More than 200 B2B editors and executives celebrated 51 prizes spanning 21 categories, including Strategic Insight’s Chief Investment Officer winning Best Media Brand (Overall Editorial Excellence) and Subadhra Sriram, editor and publisher/media products at Crain Communication’s Staffing Industry Analysts, receiving the Timothy White Award, which honors an editor whose work displays courage, integrity and passion. See the full list of winners here.

In the first year that podcasts were a Neal’s category, American Banker’s Nobody’s Home, a 10-part podcast produced by reporter John Heltman that examined vacant housing blight in the United States, won the overall top prize, the Grand Neal.

It was an ambitious effort both in scope and use of a new medium (in what’s been dubbed “the year of the mediocre podcast,” Nobody’s Home was anything but). Heltman worked for nearly a year, traveling coast to coast to find out how concentrated pockets of vacant housing are hurting U.S. communities and endangering the financial system. He provided art, links and transcripts for each episode, spliced and mixed each podcast himself, and even wrote its theme song.

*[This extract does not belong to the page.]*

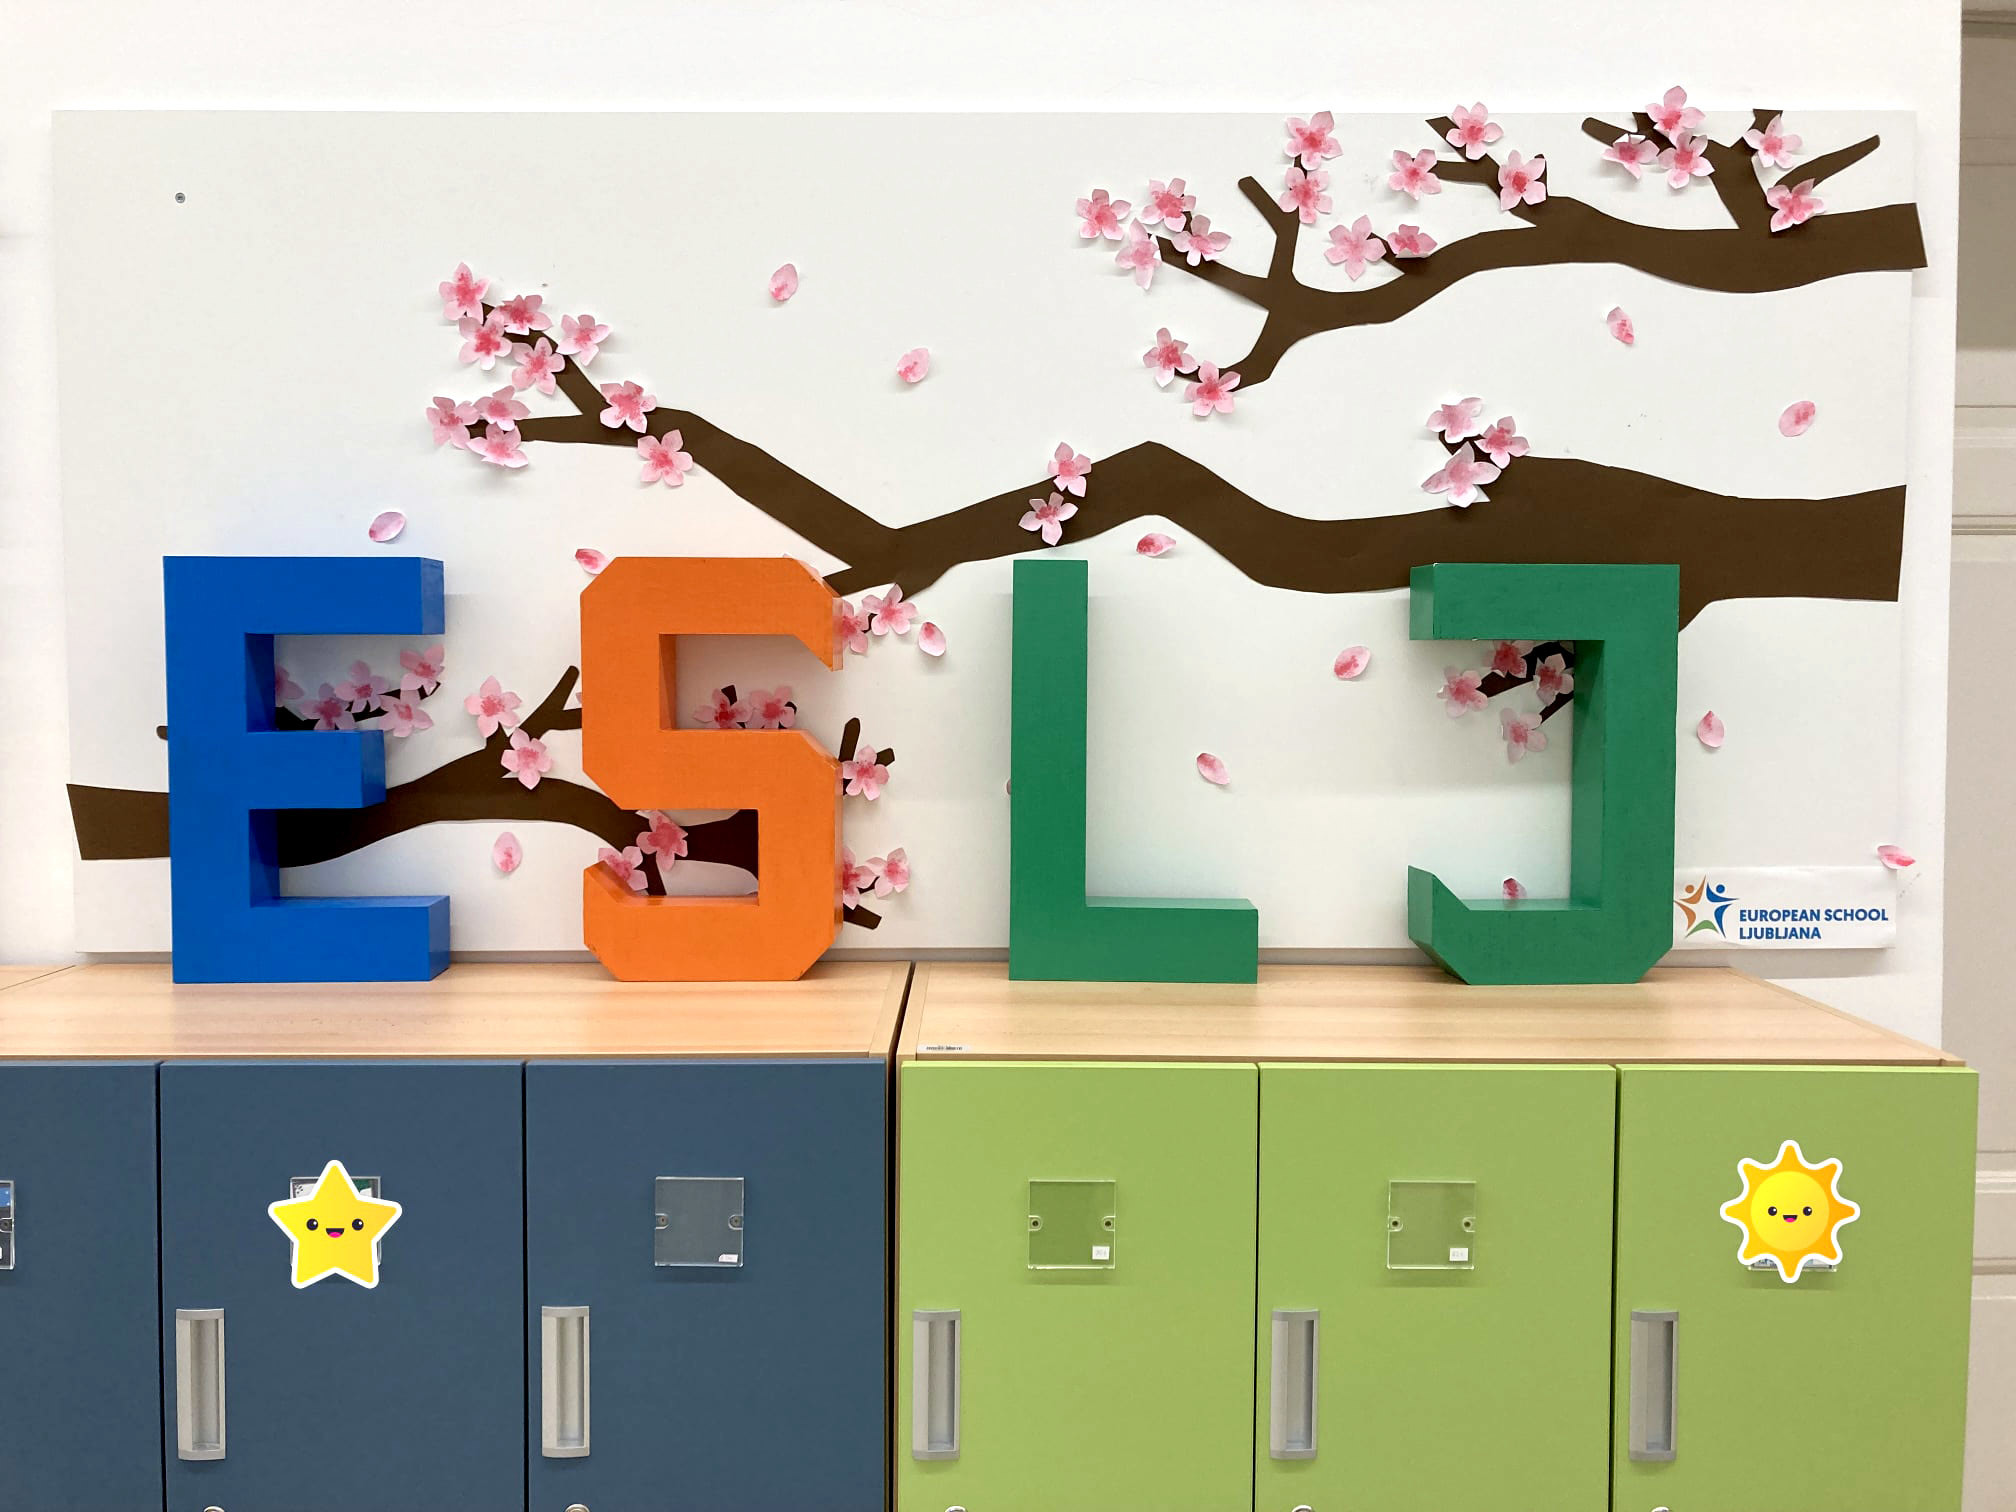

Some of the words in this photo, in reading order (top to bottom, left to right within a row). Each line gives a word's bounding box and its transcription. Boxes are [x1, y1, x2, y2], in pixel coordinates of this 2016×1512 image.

[1739, 909, 1821, 922] EUROPEAN
[1824, 908, 1889, 922] SCHOOL
[1739, 927, 1822, 940] LJUBLJANA

“John’s innovative, exhaustive podcast series tackled tough subjects including discrimination in mortgage lending, gentrification and whether home ownership itself is a good idea,” said Tara Welty, VP and editor-in-chief at Scholastic Teacher Resources and a member of the 2019 Neal Award judge’s selection committee. “John’s powerful work has also been recognized by media outlets Politico and Axios for confronting an often ignored yet growing problem.”

It’s work that showcases what B2B journalism can be and required a reporter’s commitment and willingness to take risks. It also required the support of that reporter’s team and bosses, who signed off on an ambitious effort that could have been dismissed as tangential to the brand’s mission and gave the reporter the resources and support that he required.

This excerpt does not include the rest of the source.